Due to the nozzle diameter of 0.4 mm, the lateral print resolution of the MakerBot Replicator 2 is too coarse to produce the detail required for pin geometries matching the dimensions of zebrafish embryos and larvae. Therefore, the pin stripes were designed to print at an angle to utilize the better z-resolution of 100 μm. If reproduced on a 3D printer, or other fabrication method, with a lateral resolution better than 100 μm the angled production can potentially be omitted. With all these optimizations applied the Replicator 2 offered satisfactory level of detail and sufficient reproducibility of results (Figure 1E, F).
Automated acquisition of dorsal and lateral views of zebrafish embryos
To verify the utility of the 3D printed orientation tools in zebrafish screening assays, we carried out imaging experiments to automatically acquire lateral and dorsal views of 48 hpf zebrafish embryos. Therefore, agarose coated microtiter plates were prepared according to reference [11]. In brief, 1% agarose was filled into 96-well microtiter plates and cavities were formed by inserting the assembled orientation tools. After solidification of the agarose, the tool was carefully removed. Embryos were anesthetized using tricaine and plated into wells. Zebrafish embryos were manually oriented under a stereomicroscope and imaged on an inverted screening microscope (see Additional file 2).

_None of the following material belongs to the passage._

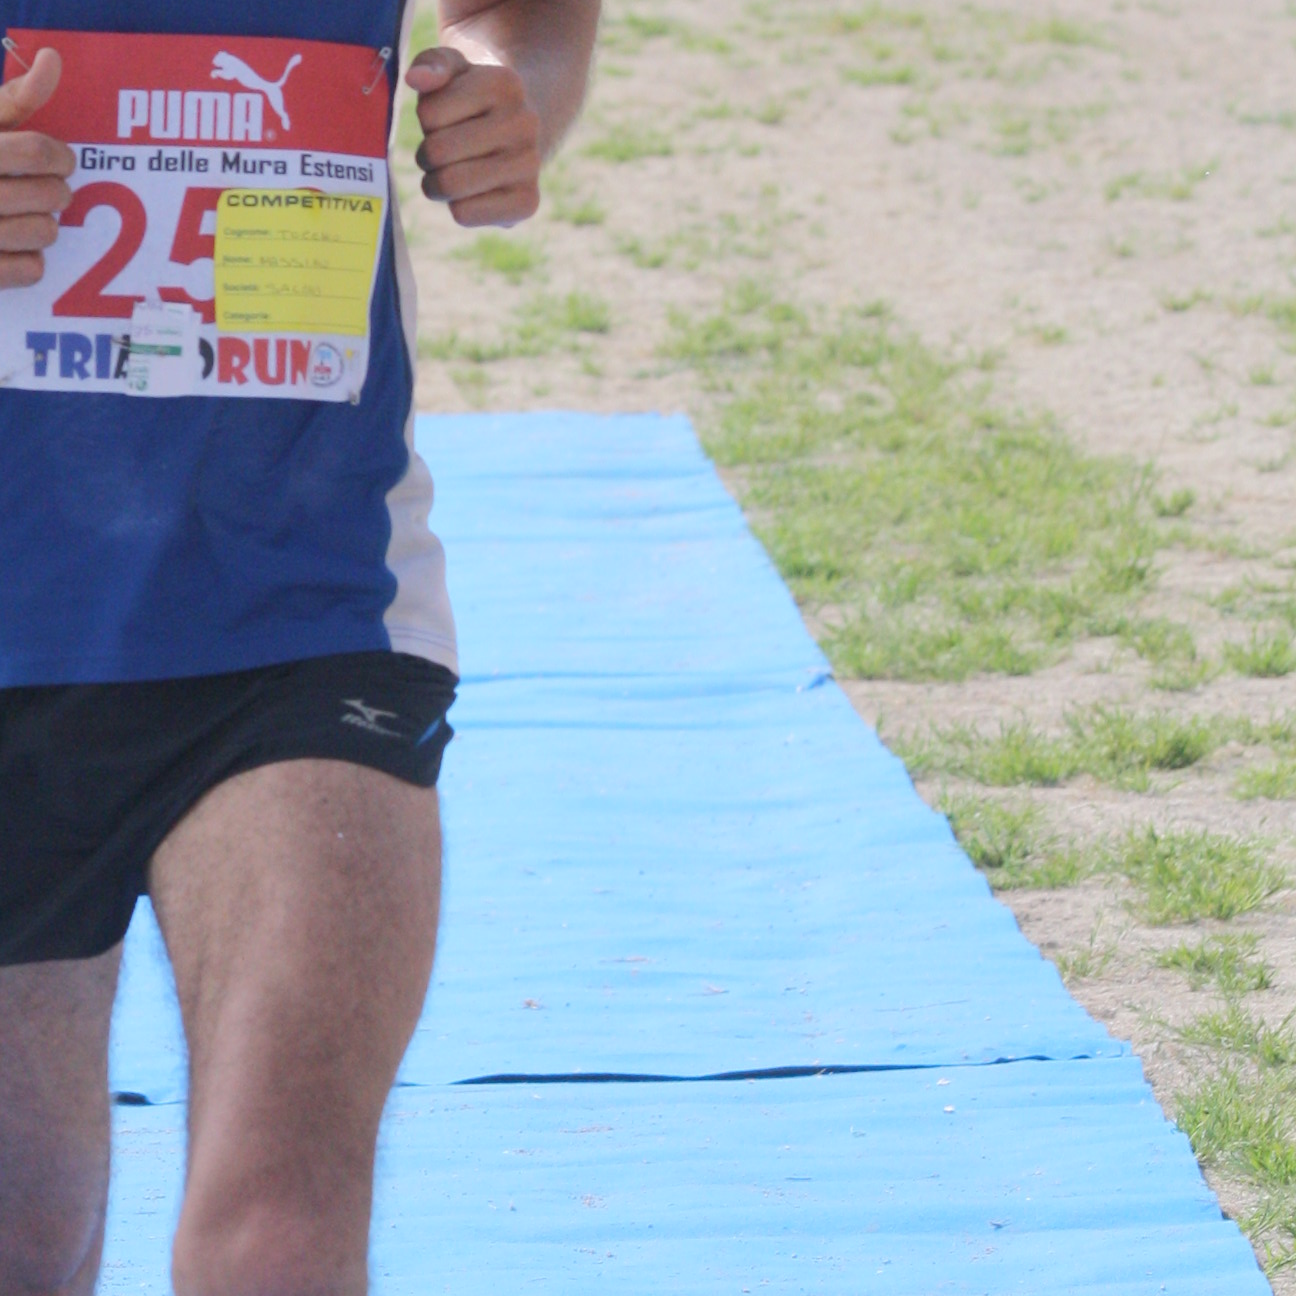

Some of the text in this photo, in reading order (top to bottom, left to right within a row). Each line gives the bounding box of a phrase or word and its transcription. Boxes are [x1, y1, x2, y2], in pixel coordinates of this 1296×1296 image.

[117, 88, 263, 142] PUMA
[81, 147, 375, 183] Giro delle Mura Estensi
[227, 194, 374, 213] COMPETITIVA
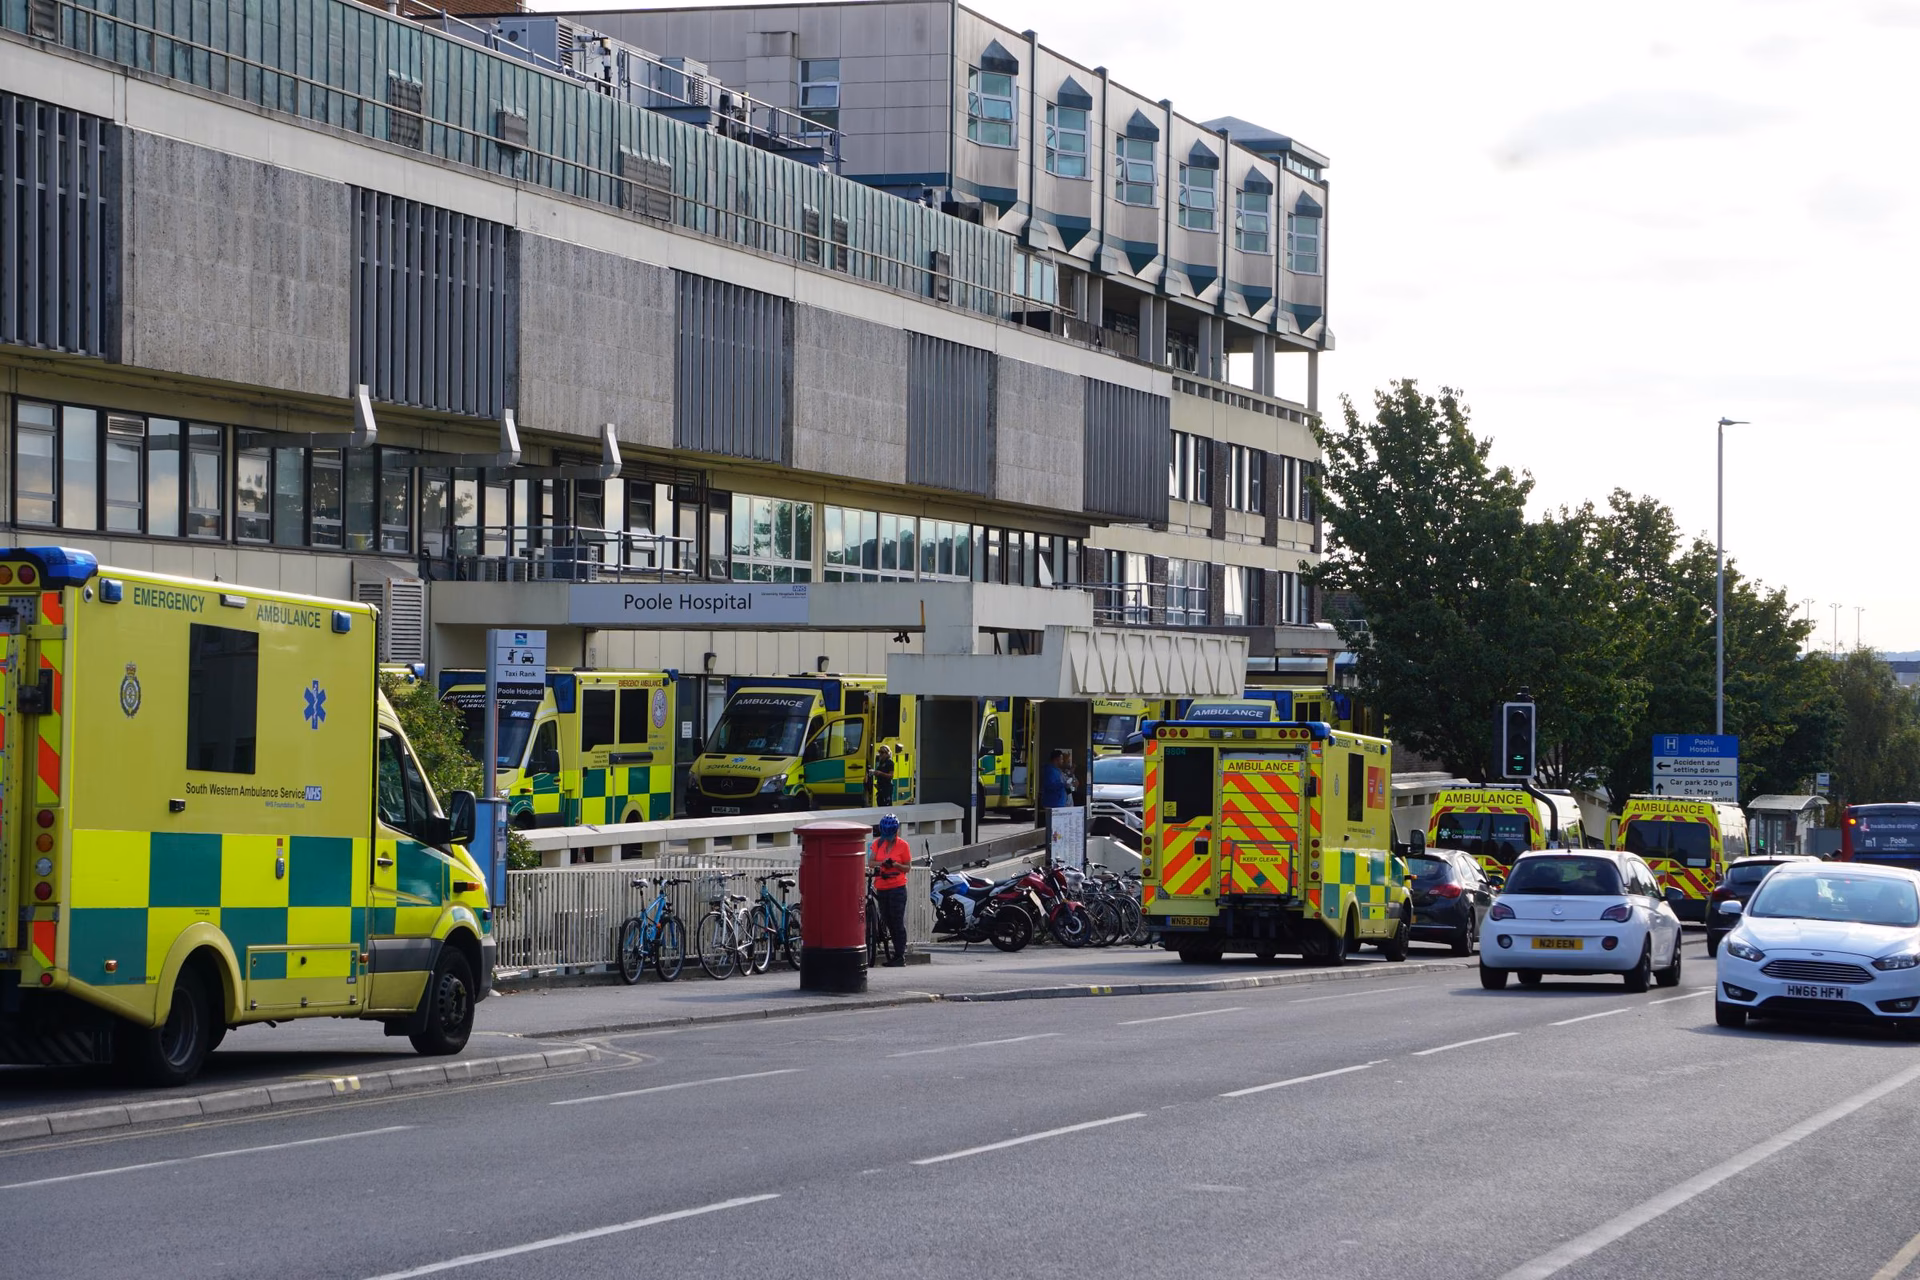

As shown in Figure 2 the plates produced with the 3D printed tools can reliably hold specimen after positioning, and can be used to obtain consistent lateral (Figure 2A) and dorsal views (Figure 2B) of embryos. Besides geometry design, the percentage of embryos that obtain and preserve the desired orientation is also dependent on the manual skill of the experimenter; however in a routinely prepared plate the vast majority of embryos will be properly positioned (see Additional file 3). Additionally, the design of both tools enable to position specimen in a fixed anteroposterior orientation providing further standardization. For lateral orientation, this represents substantial improvement over a previously demonstrated protocol, where standardized anteroposterior orientation of embryos could only be achieved in-silico using a custom designed image processing pipeline [10]. Moreover, the deep keel shape cavity harboring the embryos in both designs reduces movement of surrounding medium. This greatly stabilizes overall embryo positioning, thereby enabling the usage of stacking robots and improving general sample and plate handling in zebrafish screening assays. To test the applicability in fluorescence imaging, we carried out automated imaging of dorsal views of larval kidneys of the Tg(wt1b:EGFP) stable transgenic line [17] (Figure 2C). Importantly, no background fluorescence could be observed caused by potential traces of printing material. To assess the applicability of the plates for continuous monitoring of specimen, we imaged Tg(wt1b:EGFP) embryos over a period of 29 hours. No apparent overall morphological or developmental defects, or malformations of the developing kidney could be observed (see Additional file 4). The tool for dorsal imaging presented here reproduces previously demonstrated results which were obtained using a similar tool generated by CNC milling [11]. Thus, despite a less accurate surface finish and level of detail, the obtained exactness of 3D printed tools is fully sufficient to prepare plates for acquiring reproducible screening data.